My hands move through the usual motions of readying the front for the coming day—putting chairs back on the floor, rearranging artisan supplies I sell as a small revenue and to help other small entrepreneurs begin to make their own dreams come true.
I walk into the back and find Gideon already there.
Of course he is. He has to have been up for hours. The coffee is brewed. Inventory logs reviewed. The wobble in the back door hinge—fixed. He stands at the prep counter, sleeves rolled up, wiping it down with quiet efficiency, moving like the place has always been his. Like he belongs there.
It makes something inside me clench—an unwelcome knot of appreciation, irritation, and something I don’t dare name.
This bakery—especially the kitchen—is supposed to be my domain. And yet, here he is. More useful than the rest of my staff put together. Twice as steady. And every time I find myself adjusting to his presence instead of resenting it, it shakes me. Gideon is Kari’s big brother.

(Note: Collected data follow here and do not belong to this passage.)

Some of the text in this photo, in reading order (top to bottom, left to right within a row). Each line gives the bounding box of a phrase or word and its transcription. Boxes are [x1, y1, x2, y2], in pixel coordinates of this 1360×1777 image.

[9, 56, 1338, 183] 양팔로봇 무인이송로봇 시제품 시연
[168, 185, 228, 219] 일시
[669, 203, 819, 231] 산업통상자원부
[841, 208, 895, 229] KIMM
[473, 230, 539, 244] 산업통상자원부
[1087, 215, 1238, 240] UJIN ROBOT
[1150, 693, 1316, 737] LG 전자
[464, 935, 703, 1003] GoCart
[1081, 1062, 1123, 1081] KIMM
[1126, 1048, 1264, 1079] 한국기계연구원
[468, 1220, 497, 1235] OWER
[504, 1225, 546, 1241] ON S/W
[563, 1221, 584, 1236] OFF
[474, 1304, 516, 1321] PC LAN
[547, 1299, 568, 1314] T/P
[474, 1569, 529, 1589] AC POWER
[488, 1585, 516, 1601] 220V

He’s only here as a favor to Kari. I know I need to get over my perpetual crush on Gideon, but then I’ve known that for years and, as yet, have not accomplished it.
“You don’t have to do everything, you know,” I mutter, grabbing a tray from the drying rack with a little too much force. My hand trembles slightly, but I tighten my grip, hoping he doesn’t see. Everything is piling up—late deliveries, rotating staff, the quiet whispers behind my back. My world is unraveling thread by thread, and here Gideon is, just... fixing things. Steady. Unshaken. Like he belongs in the middle of my chaos. And that only makes me angrier.
“Someone has to,” he says without looking up.
I turn on him. “You may be on the payroll, but that doesn’t make this your kitchen.”
He finally meets my eyes, calm and unbothered. “No. But someone’s been treating this place like a target, and I don’t look the other way when people are under attack. You hired me as your assistant, Maggie, and Kari asked that I keep an eye on you...”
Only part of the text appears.